Fourth point - you are absolutely right about later actions.   My causality argument was a bit simplified to get my point across and ignored what I think is the second part of the idea, action and reaction.   Once you have a cause and effect, you get an action and a reaction.   Continuous action and reaction tends to muddle up a clear picture, as action and reaction become cause in their own right.   However, I still think you have to separate what you feel is genuine cause from what you see to be illegitimate action, because saying _"You have no right to any political recourse now because of terrorist attacks!"_ would be pretty unproductive in deescalation (Indeed, if we used that tact, the Jews of Palestine would have never gotten the British and the UN online with a Jewish state - as Paracowboy mentioned, their past is less than rosy).   Hold out the carrot to those who wish to negotiate, and use the stick against those who continue to attack your innocent civilians, and be willing to make the concessions.   It should legitimize your actions in the eyes of others and delegitimize that of the other guy - the essence of 4th Generation War fought on the moral plane (Hammes' chapters on the Intifadas are excellent).
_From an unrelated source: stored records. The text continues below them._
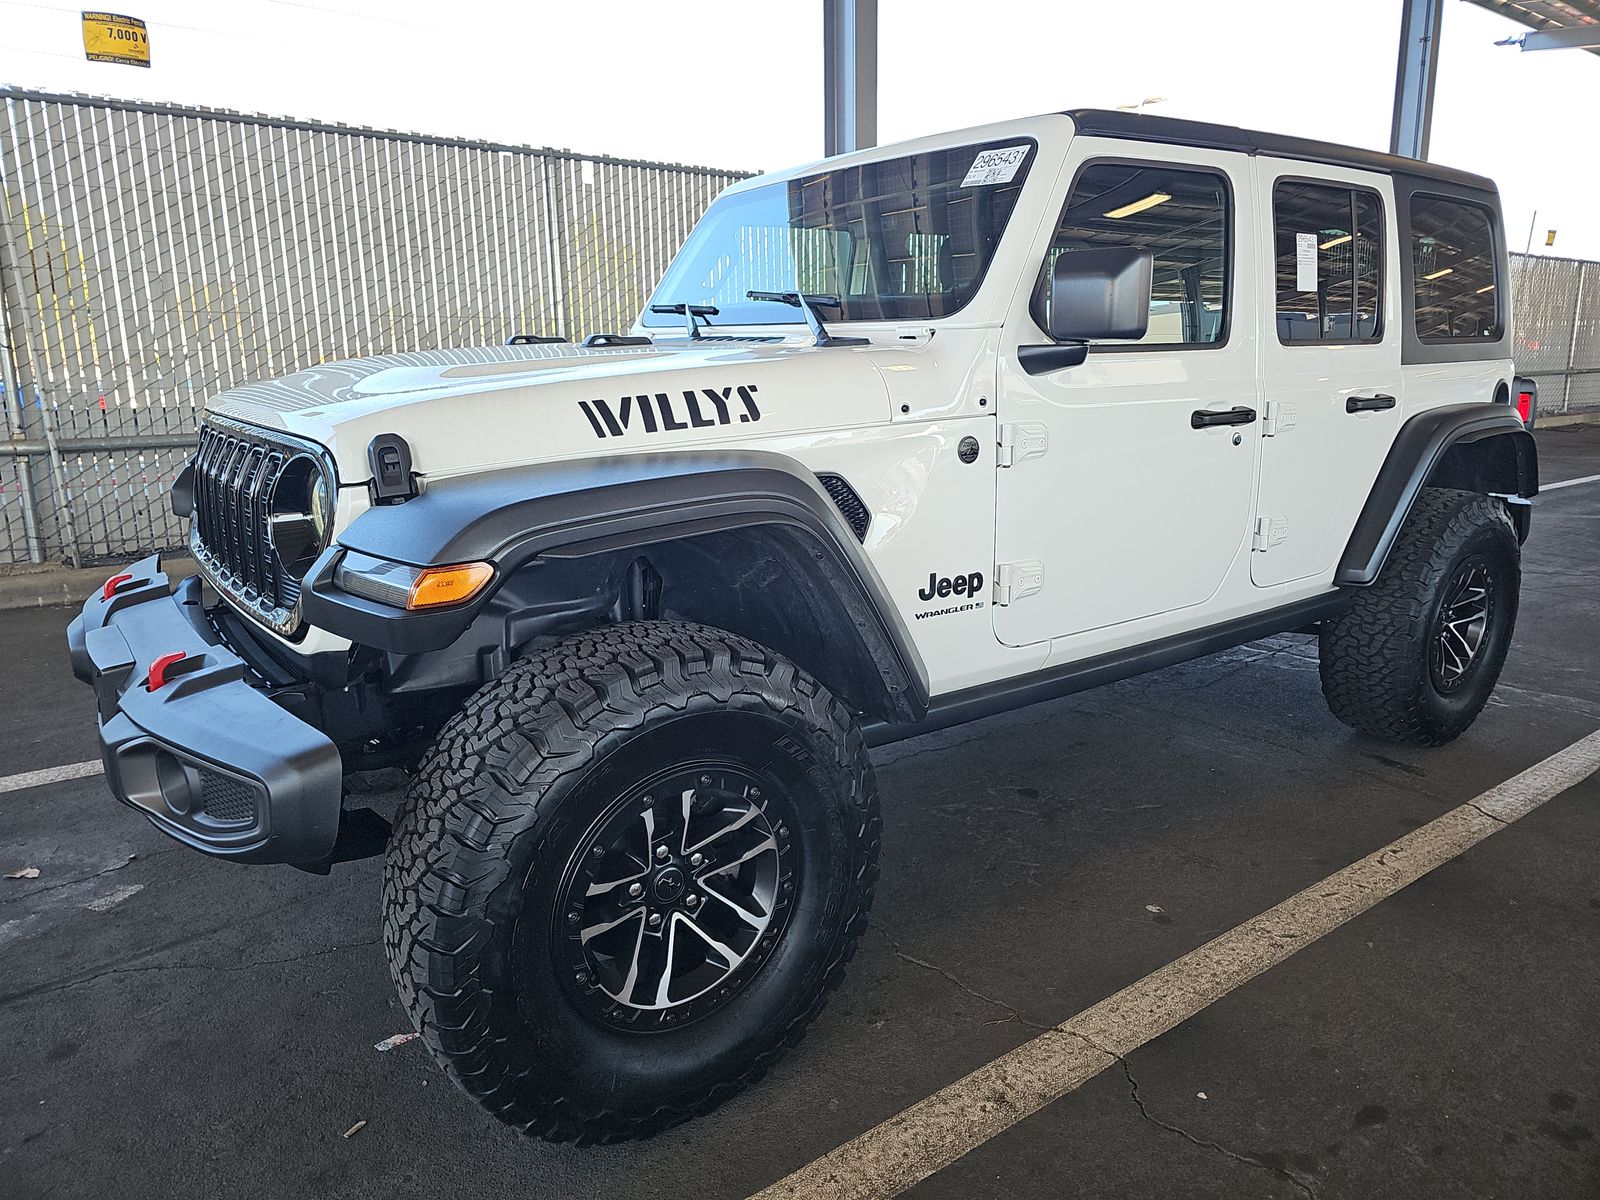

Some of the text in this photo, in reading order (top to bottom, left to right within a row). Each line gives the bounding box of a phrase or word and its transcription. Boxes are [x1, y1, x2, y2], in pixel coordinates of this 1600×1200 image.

[107, 28, 146, 44] 7,000 V
[973, 149, 1027, 169] 2965431
[577, 385, 761, 438] WILLYS
[918, 572, 984, 601] Jeep
[915, 604, 974, 620] WRANGLER
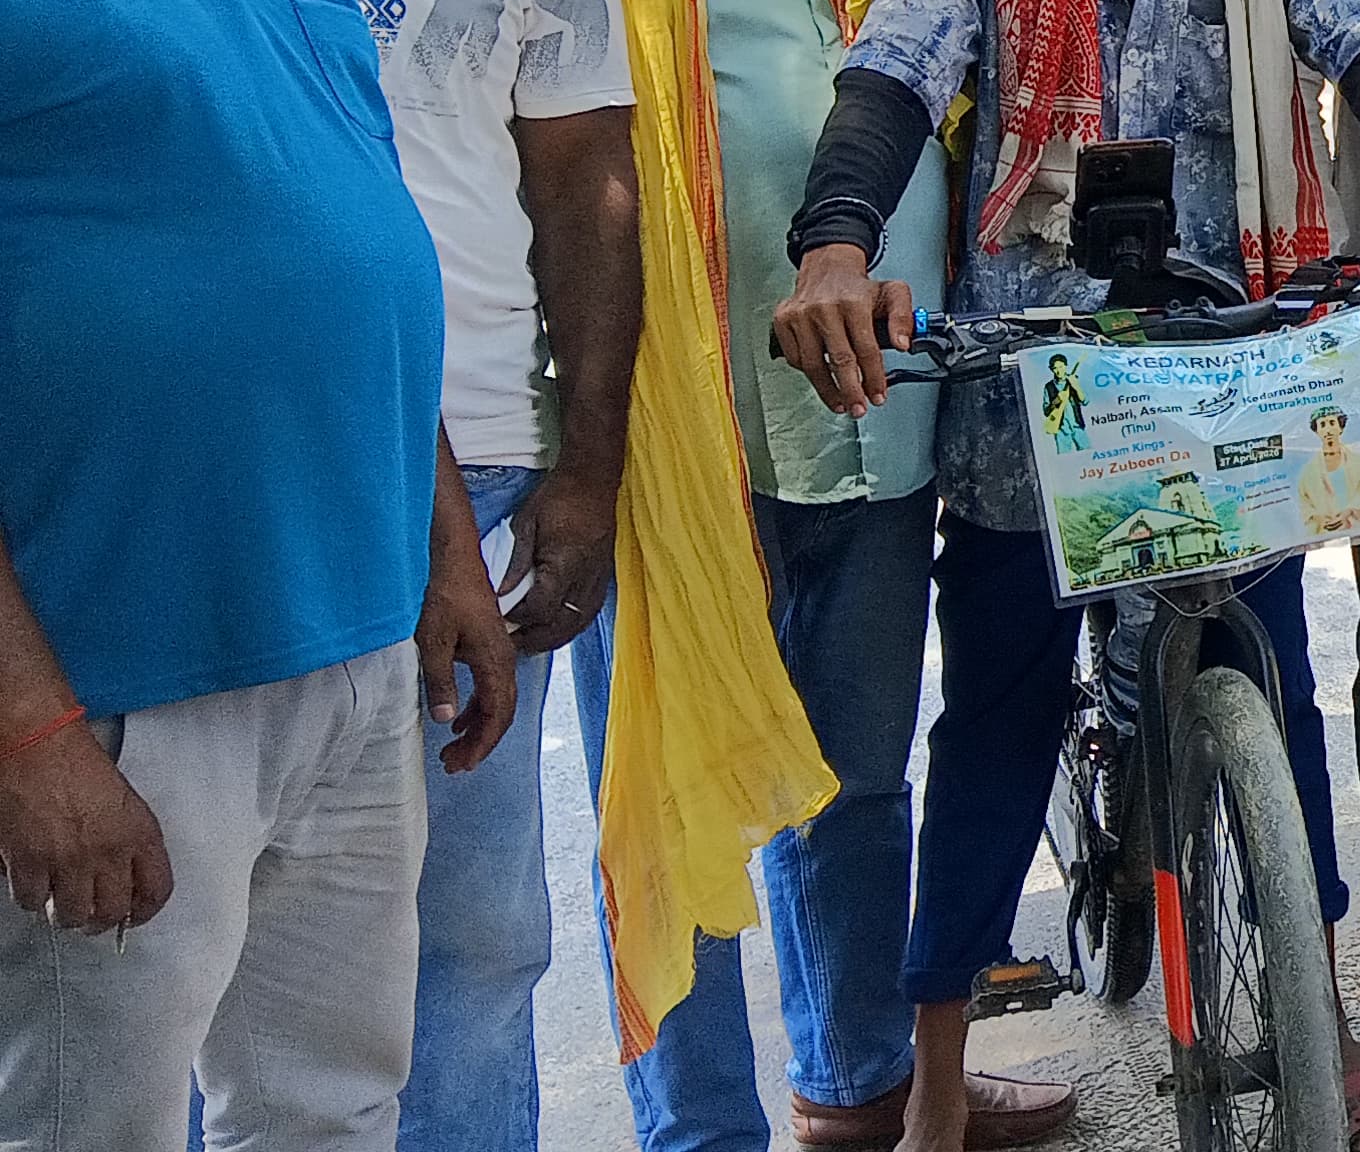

As for giving back the land, do you mean Israel as a whole or just Gaza/West Bank?   I think it is necessary to give them the land (all of it) in the West Bank/Gaza as was layed out by Oslo and to let them have their own state as it will be the only way to convince them (and the anti-Israeli crowd at large) that it is not Israel that is keeping the Palestinians down.   Despite the fact that all those who were intimate in the process generally feel that Yasser Arafat was the key roadblock to success (I've seen this from diplomat Dennis Ross, in the writings of Friedman, in a quote by Saudi Prince Bandar, etc, etc) - a view I believe in - fingers always point to Israel as the problem, and so the violence continues.   I say that if Palestine puts thugs, gangsters, and terrorists in charge, then they'll reap what they sow.   Detente, disengagement, and the wall will do the best to ensure that this time, all the Palestinians (and their supporters) can do is point the fingers at themselves (of course, judging from the world right now, fingers will somehow go to the United States....).

Anyways, just my thoughts

Cheers,
Infanteer


----------



## Shec (26 Aug 2005)

paracowboy said:
			
		

> some random points. Most of us are all on line and in agreement, with sematics set aside.
> that term has always cracked me up when used in reference to most Jews today. The majority of Jews alive today are not Semitic. They are, for the most part, Slavs. Most Jews today are Ashkenazi (sp), Semitic Jews are Falasha. Most of them were only found in Africa until very recently.
> Before they were known as Palestinians, they were known as Philistines. This hate has been goin' on a looong time!
> Independence from Mother England.
> ...



At the risk of being pedantic maybe I can clarify part of the above.     Ashkenazi Jews hail from Eastern and Central Europe,   Sephardic Jews hail from the Middle East and the Mediterranean.   Many of them were expelled from North African countries when the State of Israel was created, the number is approximately equal to the original Palestinian refugees.     An essential difference is that the Sephardim were integrated into Israeli society whereas the Palestinians ( or "the cousins" as they colloqually referred to by Israelis) were penned up in refugee camps by their Arab cousins for whatever reasons.      The Falashas, from Ethiopia, are neither Askhenazi or Sephardi.   They are considered the mythical lost tribe and were brought to Israel in the '70's &   '80's when Ethiopia went down the toilet.   I say mythical because there a several other Jewish sects that make the same claim, not that it matters.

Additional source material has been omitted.